§ **Activity**
An image-free reproduction of the data below is needed: print it exactly.

§ **Provided entries**

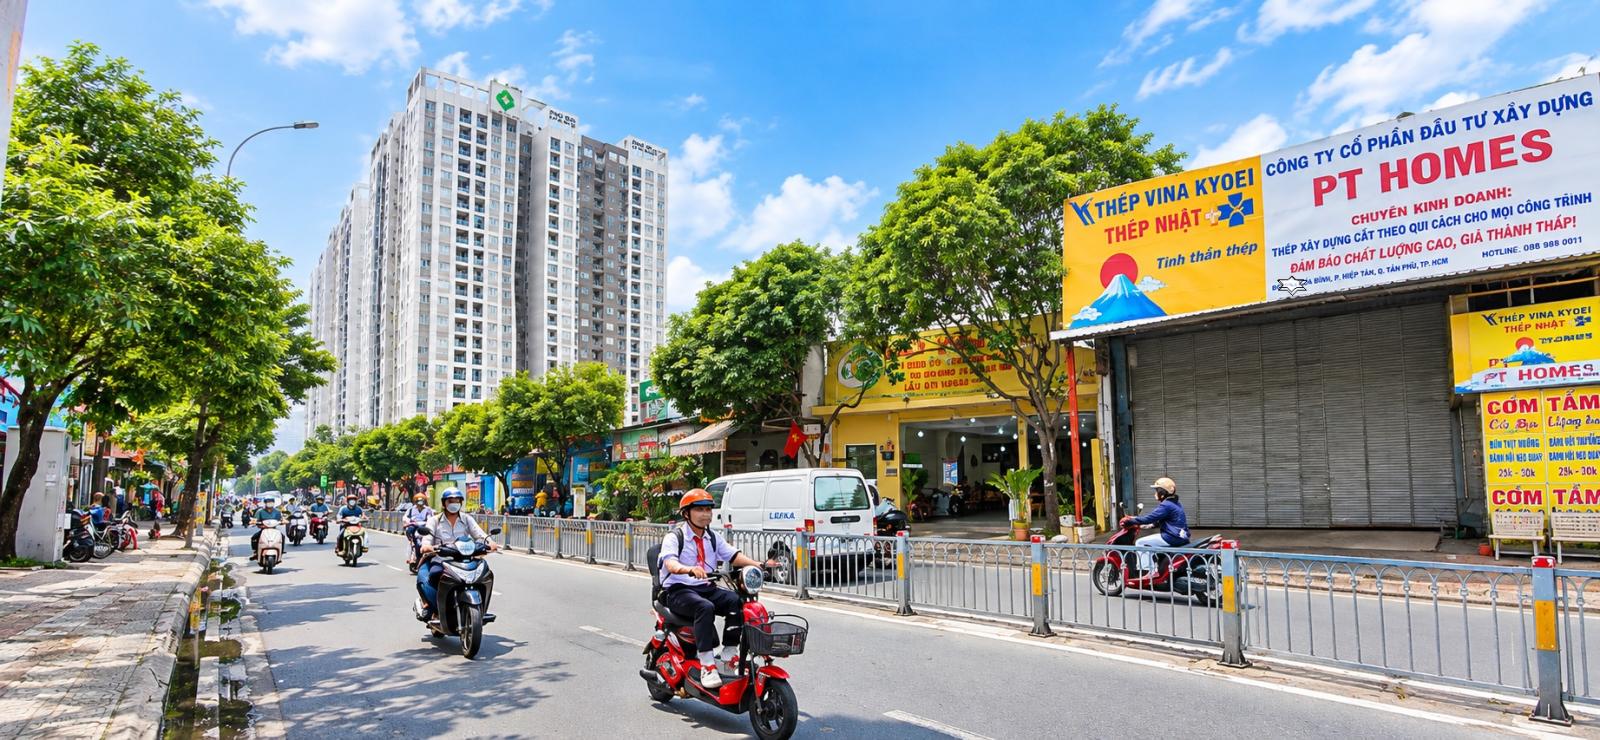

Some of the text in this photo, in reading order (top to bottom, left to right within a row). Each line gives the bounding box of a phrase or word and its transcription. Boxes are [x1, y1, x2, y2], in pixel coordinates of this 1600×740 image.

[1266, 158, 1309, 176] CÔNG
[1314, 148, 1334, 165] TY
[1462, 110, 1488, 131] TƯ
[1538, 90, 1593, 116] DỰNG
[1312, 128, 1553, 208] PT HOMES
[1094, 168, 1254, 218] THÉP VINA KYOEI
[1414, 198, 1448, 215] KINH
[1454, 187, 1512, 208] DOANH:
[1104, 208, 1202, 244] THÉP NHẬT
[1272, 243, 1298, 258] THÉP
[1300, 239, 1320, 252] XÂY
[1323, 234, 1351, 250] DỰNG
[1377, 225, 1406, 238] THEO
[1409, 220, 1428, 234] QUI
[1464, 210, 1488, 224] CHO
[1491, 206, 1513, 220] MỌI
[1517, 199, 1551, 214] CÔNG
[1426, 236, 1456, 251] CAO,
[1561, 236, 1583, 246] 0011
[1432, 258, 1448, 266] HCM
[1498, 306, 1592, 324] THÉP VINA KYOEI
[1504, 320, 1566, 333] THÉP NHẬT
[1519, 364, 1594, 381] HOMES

§ **Exercise response**
Some of the text in this photo, in reading order (top to bottom, left to right within a row). Each line gives the bounding box of a phrase or word and its transcription. Boxes are [x1, y1, x2, y2], in pixel coordinates of this 1600×740 image.

[1266, 158, 1309, 176] CÔNG
[1314, 148, 1334, 165] TY
[1462, 110, 1488, 131] TƯ
[1538, 90, 1593, 116] DỰNG
[1312, 128, 1553, 208] PT HOMES
[1094, 168, 1254, 218] THÉP VINA KYOEI
[1414, 198, 1448, 215] KINH
[1454, 187, 1512, 208] DOANH:
[1104, 208, 1202, 244] THÉP NHẬT
[1272, 243, 1298, 258] THÉP
[1300, 239, 1320, 252] XÂY
[1323, 234, 1351, 250] DỰNG
[1377, 225, 1406, 238] THEO
[1409, 220, 1428, 234] QUI
[1464, 210, 1488, 224] CHO
[1491, 206, 1513, 220] MỌI
[1517, 199, 1551, 214] CÔNG
[1426, 236, 1456, 251] CAO,
[1561, 236, 1583, 246] 0011
[1432, 258, 1448, 266] HCM
[1498, 306, 1592, 324] THÉP VINA KYOEI
[1504, 320, 1566, 333] THÉP NHẬT
[1519, 364, 1594, 381] HOMES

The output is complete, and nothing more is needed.